Housing in Britain

To The Times
The Chancellor of the Exchequer’s modest housing measures deserve modest support, but most of this discussion misses the point. Of course supply must be increased, not least to deal with the backlog. The underlying problem, though, is uncontrolled demand. Most household growth comes from immigration, not from the domestic population: in recent years, more than four-fifths of additional households in the UK have been headed by a person born overseas.

Forget the absurdly defective household projections by the Department for Communities and Local Government. For as long as net migration continues at about a quarter of a million per year, Britain will be trapped in a treadmill of housebuilding without limit. (David Coleman, emeritus professor of demography, University of Oxford)

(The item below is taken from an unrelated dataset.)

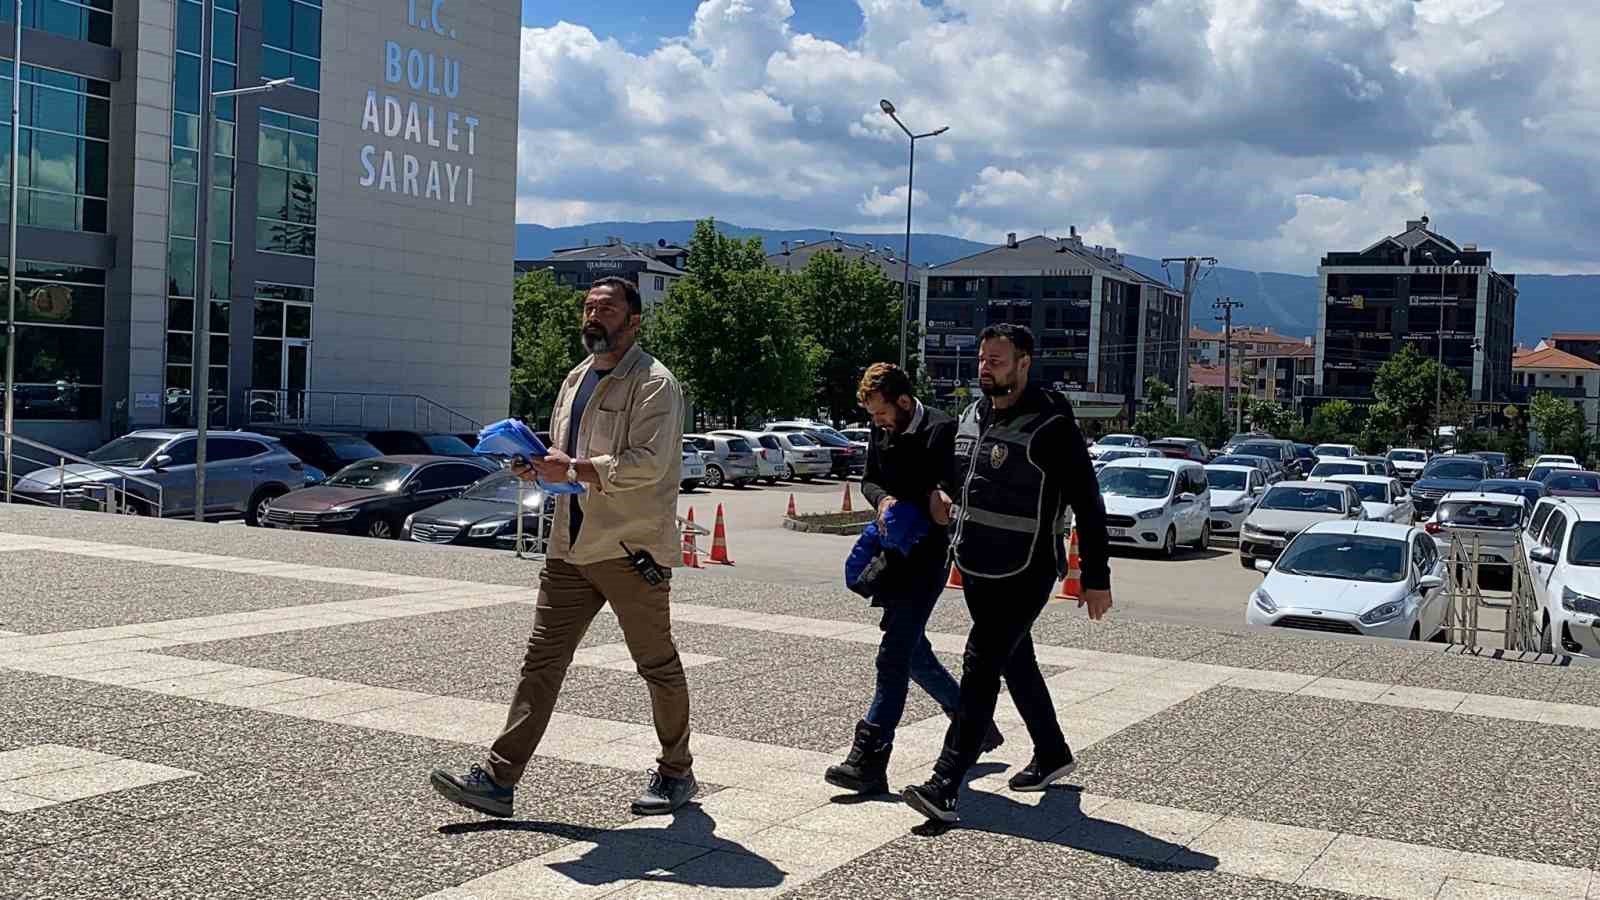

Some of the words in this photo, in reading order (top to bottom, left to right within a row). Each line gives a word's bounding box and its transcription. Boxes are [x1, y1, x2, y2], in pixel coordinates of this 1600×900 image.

[384, 40, 461, 98] BOLU
[361, 90, 480, 155] ADALET
[359, 144, 473, 206] SARAYI

My comment: Britain is a small island and it has beautiful countryside that we all want preserved. At the same time the native population is barely increasing. As it heads off over the 60 million figure the extra people are mostly immigrants. We need them (provided we can integrate them) because they work hard and offer skills we are no longer prepared for now that technical education is so poor and apprenticeships few in number.

But the housing issue is a big problem, and it is right to bring it up. It seems unfair to ask the taxpayer to pay for more expensive housing, but where else will the money come from? I think Epicurus, given similar circumstances, would have advocating cutting military expenditure and putting resources into housing, rather than increase taxes. But then, like now, nobody ever asked him.